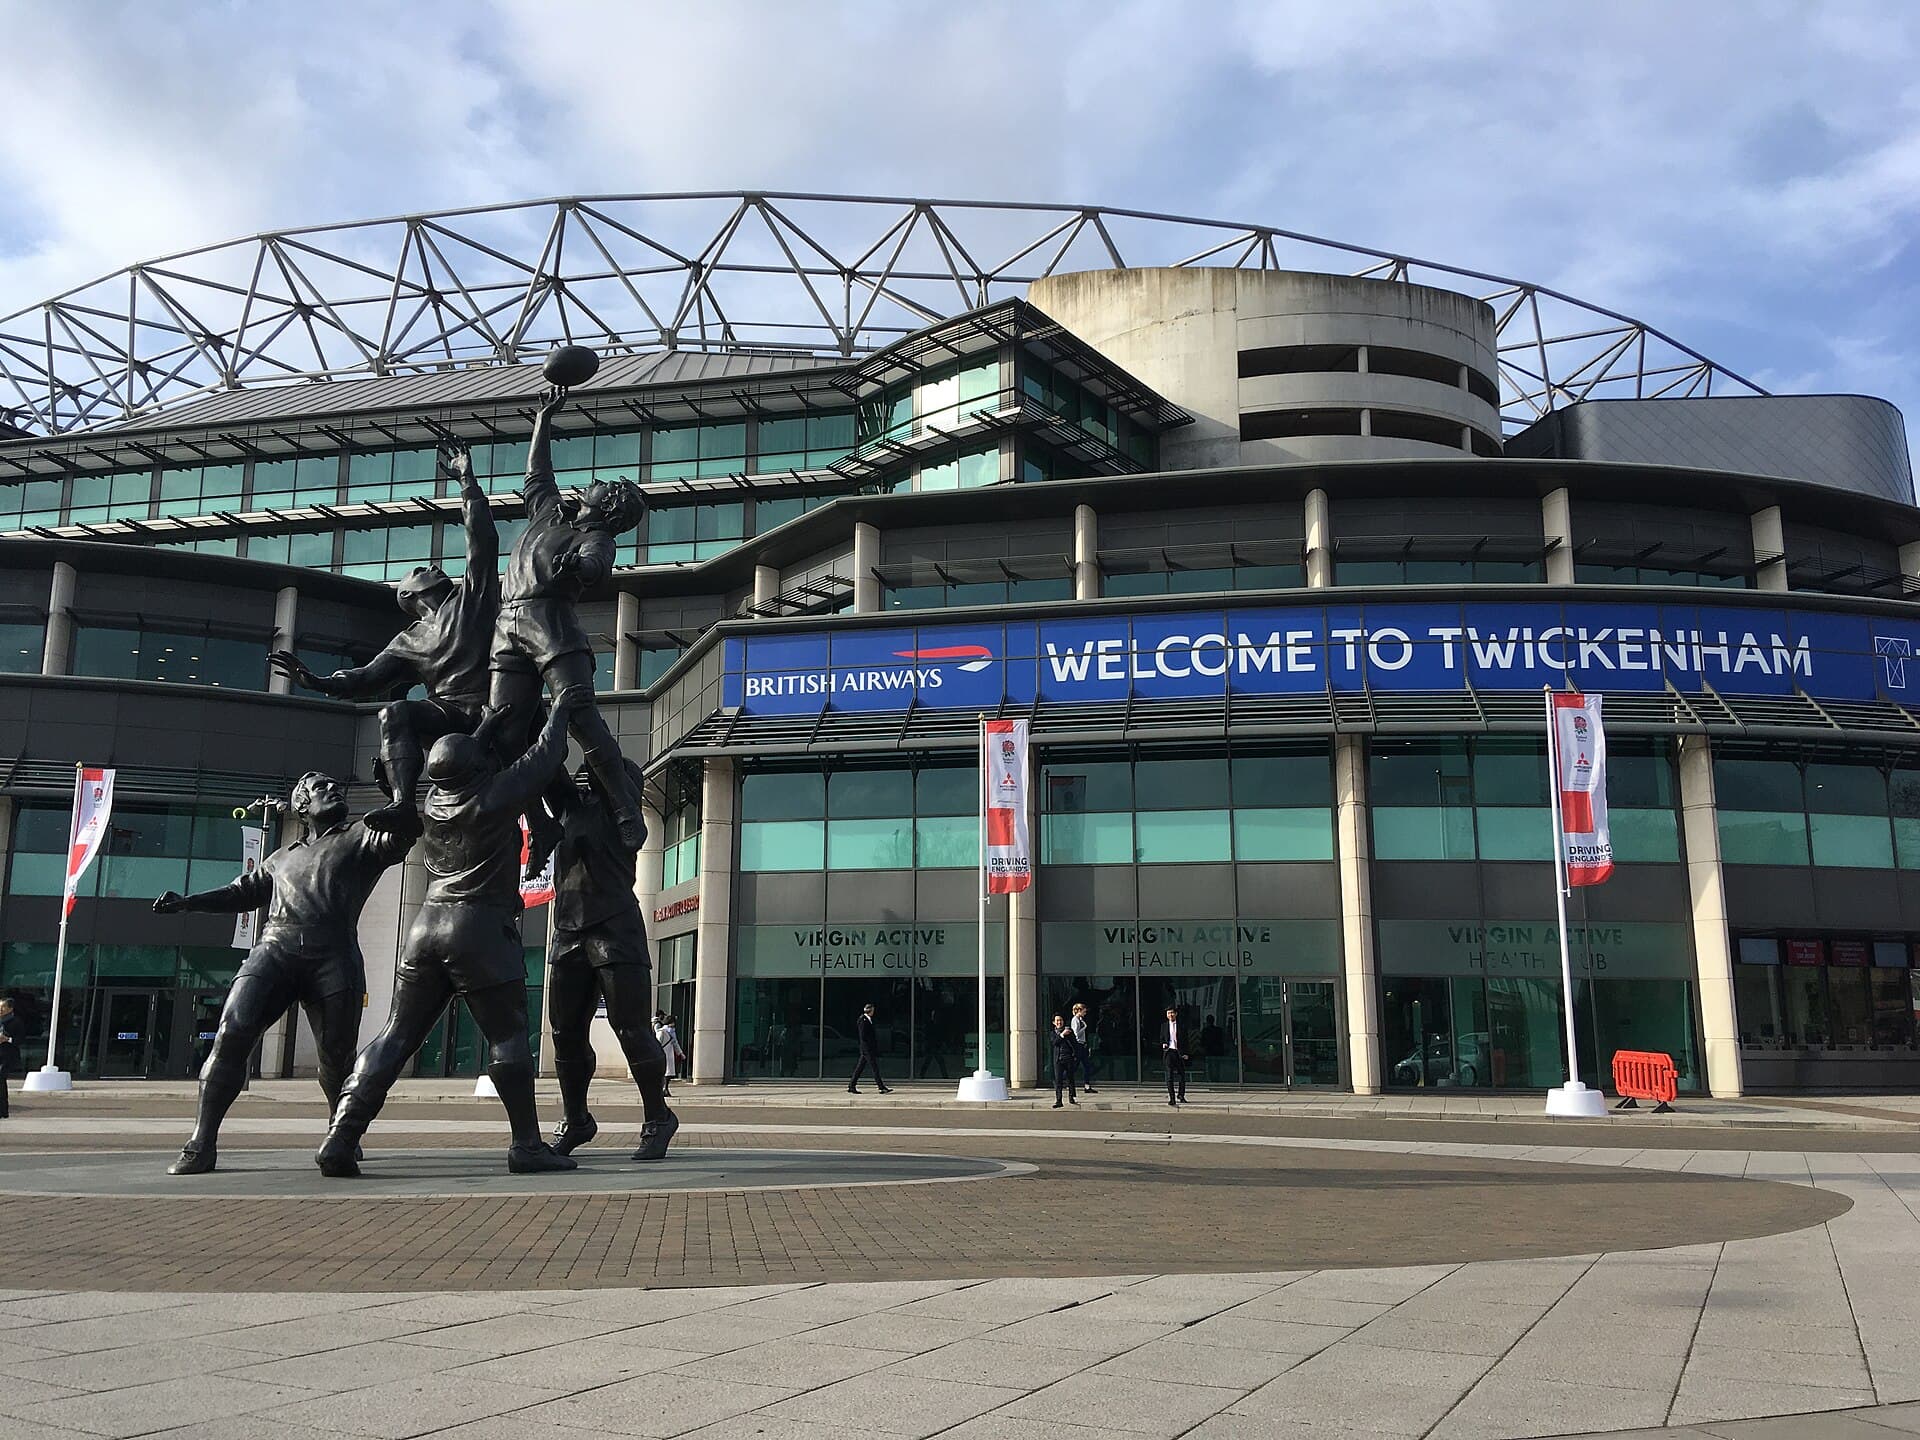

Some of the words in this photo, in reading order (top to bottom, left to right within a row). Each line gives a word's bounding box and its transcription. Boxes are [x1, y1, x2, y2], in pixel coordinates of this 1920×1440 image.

[1046, 630, 1317, 683] WELCOME
[1331, 627, 1413, 671] TO
[1428, 626, 1813, 677] TWICKENHAM
[745, 673, 836, 697] BRITISH
[841, 668, 943, 692] AIRWAYS
[1569, 843, 1611, 855] DRIVING
[1570, 853, 1612, 862] ENGLAND'S
[991, 857, 1028, 866] DRIVING
[794, 930, 866, 947] VIRGIN
[874, 929, 945, 945] ACTIVE
[1103, 927, 1184, 944] VIRGIN
[1192, 926, 1271, 943] ACTIVE
[1448, 926, 1534, 944] VIRGIN
[810, 953, 875, 969] HEALTH
[882, 952, 929, 969] CLUB
[1122, 951, 1194, 967] HEALTH
[1202, 951, 1253, 967] CLUB
[1469, 952, 1545, 969] HATH
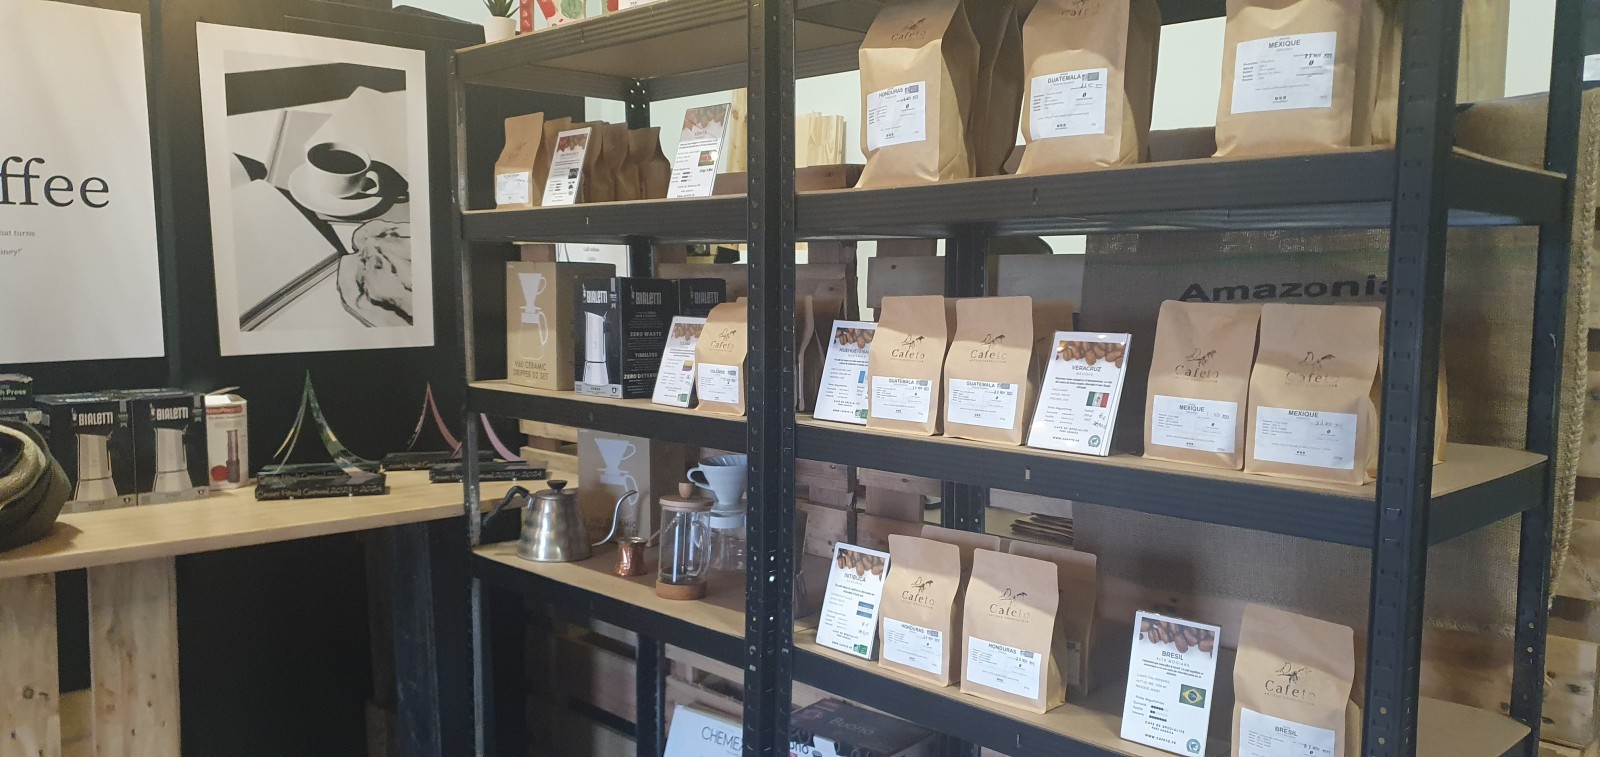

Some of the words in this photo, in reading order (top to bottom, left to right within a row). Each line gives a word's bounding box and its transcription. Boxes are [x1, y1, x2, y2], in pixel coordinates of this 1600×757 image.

[1268, 39, 1301, 49] MEXIQUE
[1047, 74, 1081, 84] GUATEMALA
[879, 88, 904, 98] HONDURAS
[587, 290, 608, 304] BIALETTI
[635, 292, 662, 305] BIALETTI
[891, 348, 926, 359] Cafeto
[525, 361, 547, 370] CERAMIC
[1174, 364, 1219, 379] Cafeto
[513, 369, 531, 377] DRIPPER
[540, 372, 549, 380] SET
[156, 406, 189, 421] BIALETTI
[1179, 404, 1205, 412] MEXIQUE
[1288, 410, 1319, 418] MEXIQUE
[78, 411, 114, 427] BIALETTI
[902, 590, 935, 606] Cafeto
[989, 603, 1030, 619] Cafeto
[901, 624, 924, 634] HONDURAS
[988, 642, 1017, 655] HONDURAS
[1161, 650, 1184, 661] BRESIL
[1264, 679, 1316, 699] Cafeto
[1274, 725, 1298, 737] BRESIL
[701, 726, 743, 752] CHEME
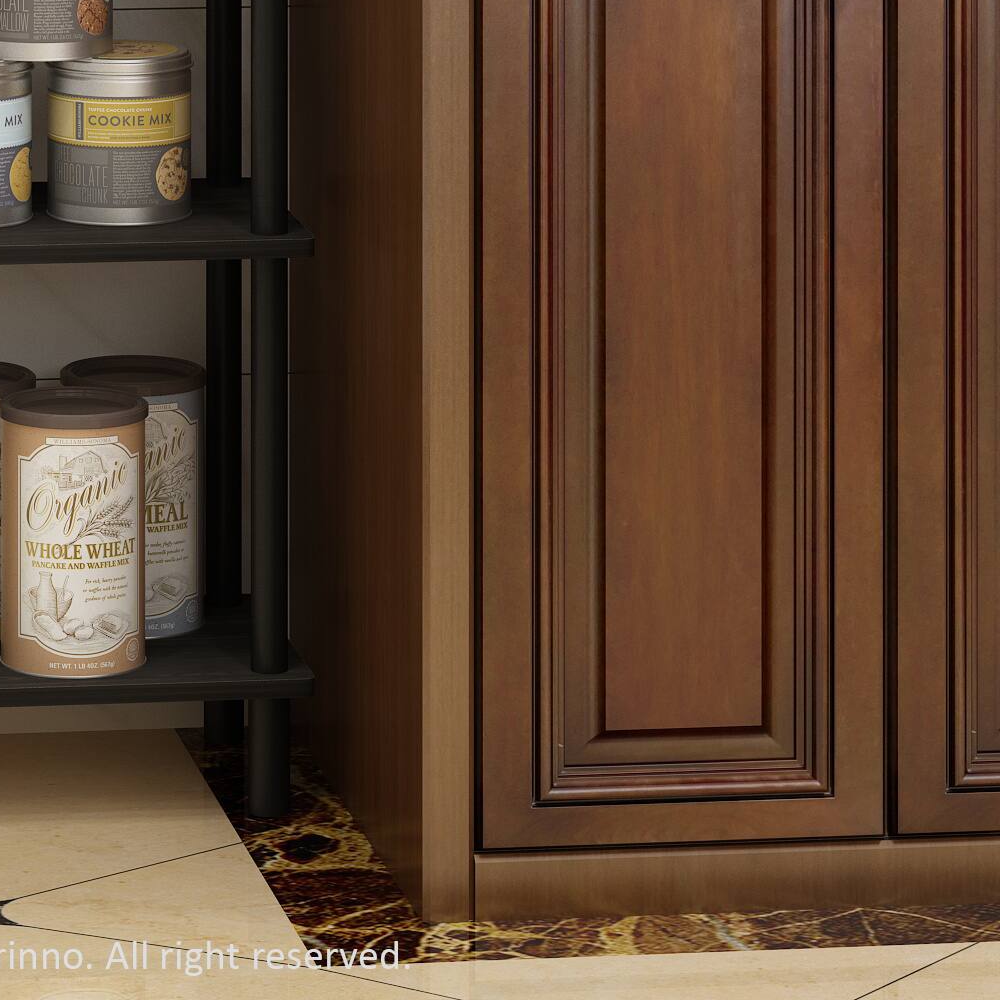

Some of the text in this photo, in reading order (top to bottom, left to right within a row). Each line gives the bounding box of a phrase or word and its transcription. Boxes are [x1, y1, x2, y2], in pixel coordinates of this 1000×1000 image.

[4, 113, 23, 128] MIX
[88, 112, 172, 127] COOKIE MIX
[26, 460, 126, 536] Organic
[146, 524, 175, 533] WAFFLE
[25, 540, 82, 560] WHOLE
[85, 537, 136, 560] WHEAT
[31, 560, 67, 570] PANCAKE
[86, 560, 117, 570] WAFFLE
[116, 558, 130, 566] MIX
■ ■ ■ ■ ■ ■ ■
▸ Problem statement: Transcribe the records in full and exactly. Pictures stay out.

▸ Finished exercise:
Some of the words in this photo, in reading order (top to bottom, left to right within a row). Each line gives a word's bounding box and its transcription. Boxes are [x1, y1, x2, y2], in pixel coordinates of this 1920×1440 image.

[1046, 630, 1317, 683] WELCOME
[1331, 627, 1413, 671] TO
[1428, 626, 1813, 677] TWICKENHAM
[745, 673, 836, 697] BRITISH
[841, 668, 943, 692] AIRWAYS
[1569, 843, 1611, 855] DRIVING
[1570, 853, 1612, 862] ENGLAND'S
[991, 857, 1028, 866] DRIVING
[794, 930, 866, 947] VIRGIN
[874, 929, 945, 945] ACTIVE
[1103, 927, 1184, 944] VIRGIN
[1192, 926, 1271, 943] ACTIVE
[1448, 926, 1534, 944] VIRGIN
[810, 953, 875, 969] HEALTH
[882, 952, 929, 969] CLUB
[1122, 951, 1194, 967] HEALTH
[1202, 951, 1253, 967] CLUB
[1469, 952, 1545, 969] HATH

Some of the words in this photo, in reading order (top to bottom, left to right within a row). Each line gives a word's bounding box and its transcription. Boxes are [x1, y1, x2, y2], in pixel coordinates of this 1600×757 image.

[1268, 39, 1301, 49] MEXIQUE
[1047, 74, 1081, 84] GUATEMALA
[879, 88, 904, 98] HONDURAS
[587, 290, 608, 304] BIALETTI
[635, 292, 662, 305] BIALETTI
[891, 348, 926, 359] Cafeto
[525, 361, 547, 370] CERAMIC
[1174, 364, 1219, 379] Cafeto
[513, 369, 531, 377] DRIPPER
[540, 372, 549, 380] SET
[156, 406, 189, 421] BIALETTI
[1179, 404, 1205, 412] MEXIQUE
[1288, 410, 1319, 418] MEXIQUE
[78, 411, 114, 427] BIALETTI
[902, 590, 935, 606] Cafeto
[989, 603, 1030, 619] Cafeto
[901, 624, 924, 634] HONDURAS
[988, 642, 1017, 655] HONDURAS
[1161, 650, 1184, 661] BRESIL
[1264, 679, 1316, 699] Cafeto
[1274, 725, 1298, 737] BRESIL
[701, 726, 743, 752] CHEME

Some of the text in this photo, in reading order (top to bottom, left to right within a row). Each line gives the bounding box of a phrase or word and its transcription. Boxes are [x1, y1, x2, y2], in pixel coordinates of this 1000×1000 image.

[4, 113, 23, 128] MIX
[88, 112, 172, 127] COOKIE MIX
[26, 460, 126, 536] Organic
[146, 524, 175, 533] WAFFLE
[25, 540, 82, 560] WHOLE
[85, 537, 136, 560] WHEAT
[31, 560, 67, 570] PANCAKE
[86, 560, 117, 570] WAFFLE
[116, 558, 130, 566] MIX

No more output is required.